[PROBLEM]: Return the records exactly as they appear below, omitting the pictures.

[GIVEN DATA]:
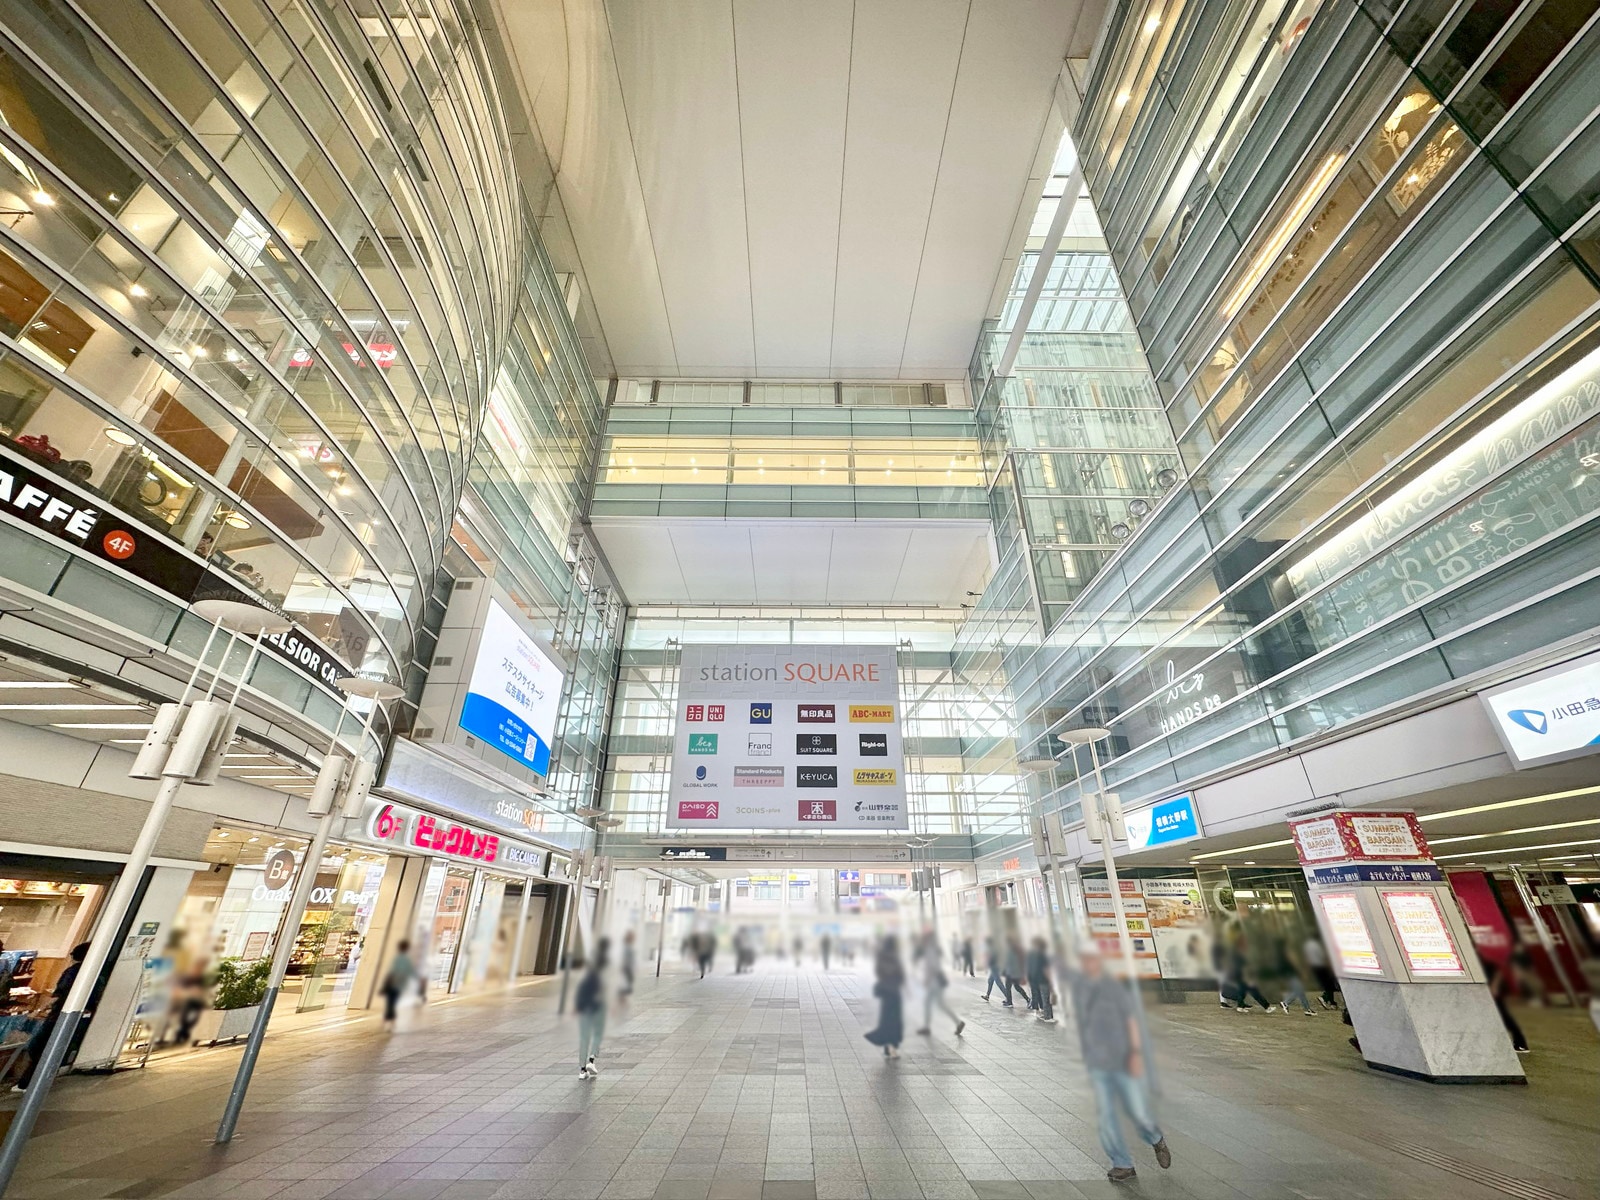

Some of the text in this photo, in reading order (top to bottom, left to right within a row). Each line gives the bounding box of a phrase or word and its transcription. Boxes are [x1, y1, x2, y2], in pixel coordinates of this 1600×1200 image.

[108, 537, 133, 553] 4F
[700, 662, 880, 684] station SQUARE
[688, 706, 702, 720] ユニクロ
[709, 706, 723, 720] UNIQLO
[751, 708, 771, 719] GU
[800, 709, 833, 718] 無印良品
[852, 709, 891, 718] ABC-MART
[1160, 694, 1222, 735] HANDS be
[1551, 697, 1600, 720] 小田急
[861, 741, 885, 749] Right-on
[800, 773, 834, 781] KEYUCA
[856, 771, 893, 780] ムラサキスポーツ
[495, 799, 524, 824] station
[377, 803, 404, 840] 6F
[1362, 824, 1402, 833] SUMMER
[414, 815, 500, 863] ビックカメラ
[1366, 836, 1406, 845] BARGAIN
[509, 848, 541, 867] BIC CAMERA
[310, 887, 337, 903] OX
[1396, 911, 1435, 920] SUMMER
[1403, 924, 1439, 933] BARGAIN

[ANSWER SPACE]:
Some of the text in this photo, in reading order (top to bottom, left to right within a row). Each line gives the bounding box of a phrase or word and its transcription. Boxes are [x1, y1, x2, y2], in pixel coordinates of this 1600×1200 image.

[108, 537, 133, 553] 4F
[700, 662, 880, 684] station SQUARE
[688, 706, 702, 720] ユニクロ
[709, 706, 723, 720] UNIQLO
[751, 708, 771, 719] GU
[800, 709, 833, 718] 無印良品
[852, 709, 891, 718] ABC-MART
[1160, 694, 1222, 735] HANDS be
[1551, 697, 1600, 720] 小田急
[861, 741, 885, 749] Right-on
[800, 773, 834, 781] KEYUCA
[856, 771, 893, 780] ムラサキスポーツ
[495, 799, 524, 824] station
[377, 803, 404, 840] 6F
[1362, 824, 1402, 833] SUMMER
[414, 815, 500, 863] ビックカメラ
[1366, 836, 1406, 845] BARGAIN
[509, 848, 541, 867] BIC CAMERA
[310, 887, 337, 903] OX
[1396, 911, 1435, 920] SUMMER
[1403, 924, 1439, 933] BARGAIN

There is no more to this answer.